(Records from a collection)
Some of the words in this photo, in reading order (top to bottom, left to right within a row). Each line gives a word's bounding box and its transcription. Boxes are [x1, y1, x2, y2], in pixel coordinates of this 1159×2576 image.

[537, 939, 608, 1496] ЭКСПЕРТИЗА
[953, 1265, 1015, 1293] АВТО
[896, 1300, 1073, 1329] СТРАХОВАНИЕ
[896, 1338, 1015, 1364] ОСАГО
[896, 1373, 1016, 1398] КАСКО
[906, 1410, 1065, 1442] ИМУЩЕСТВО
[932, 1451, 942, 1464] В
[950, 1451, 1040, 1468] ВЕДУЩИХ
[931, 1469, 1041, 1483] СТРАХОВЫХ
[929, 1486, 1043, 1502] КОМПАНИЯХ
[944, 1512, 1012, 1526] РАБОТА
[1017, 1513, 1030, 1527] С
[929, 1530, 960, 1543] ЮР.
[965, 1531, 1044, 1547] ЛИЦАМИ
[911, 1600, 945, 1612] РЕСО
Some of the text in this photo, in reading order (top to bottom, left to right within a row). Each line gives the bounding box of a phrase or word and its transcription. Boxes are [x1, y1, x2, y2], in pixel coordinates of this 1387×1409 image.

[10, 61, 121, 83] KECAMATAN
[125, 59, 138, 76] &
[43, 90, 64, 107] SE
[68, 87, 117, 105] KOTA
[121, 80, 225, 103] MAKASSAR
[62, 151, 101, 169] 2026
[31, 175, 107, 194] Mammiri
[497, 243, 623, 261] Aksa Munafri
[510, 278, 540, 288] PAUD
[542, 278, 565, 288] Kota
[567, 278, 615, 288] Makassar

**Exercise aim:** The data is to be given again in full, with every line exact.

**Result:**
Some of the words in this photo, in reading order (top to bottom, left to right within a row). Each line gives a word's bounding box and its transcription. Boxes are [x1, y1, x2, y2], in pixel coordinates of this 1159×2576 image.

[537, 939, 608, 1496] ЭКСПЕРТИЗА
[953, 1265, 1015, 1293] АВТО
[896, 1300, 1073, 1329] СТРАХОВАНИЕ
[896, 1338, 1015, 1364] ОСАГО
[896, 1373, 1016, 1398] КАСКО
[906, 1410, 1065, 1442] ИМУЩЕСТВО
[932, 1451, 942, 1464] В
[950, 1451, 1040, 1468] ВЕДУЩИХ
[931, 1469, 1041, 1483] СТРАХОВЫХ
[929, 1486, 1043, 1502] КОМПАНИЯХ
[944, 1512, 1012, 1526] РАБОТА
[1017, 1513, 1030, 1527] С
[929, 1530, 960, 1543] ЮР.
[965, 1531, 1044, 1547] ЛИЦАМИ
[911, 1600, 945, 1612] РЕСО
Some of the text in this photo, in reading order (top to bottom, left to right within a row). Each line gives the bounding box of a phrase or word and its transcription. Boxes are [x1, y1, x2, y2], in pixel coordinates of this 1387×1409 image.

[10, 61, 121, 83] KECAMATAN
[125, 59, 138, 76] &
[43, 90, 64, 107] SE
[68, 87, 117, 105] KOTA
[121, 80, 225, 103] MAKASSAR
[62, 151, 101, 169] 2026
[31, 175, 107, 194] Mammiri
[497, 243, 623, 261] Aksa Munafri
[510, 278, 540, 288] PAUD
[542, 278, 565, 288] Kota
[567, 278, 615, 288] Makassar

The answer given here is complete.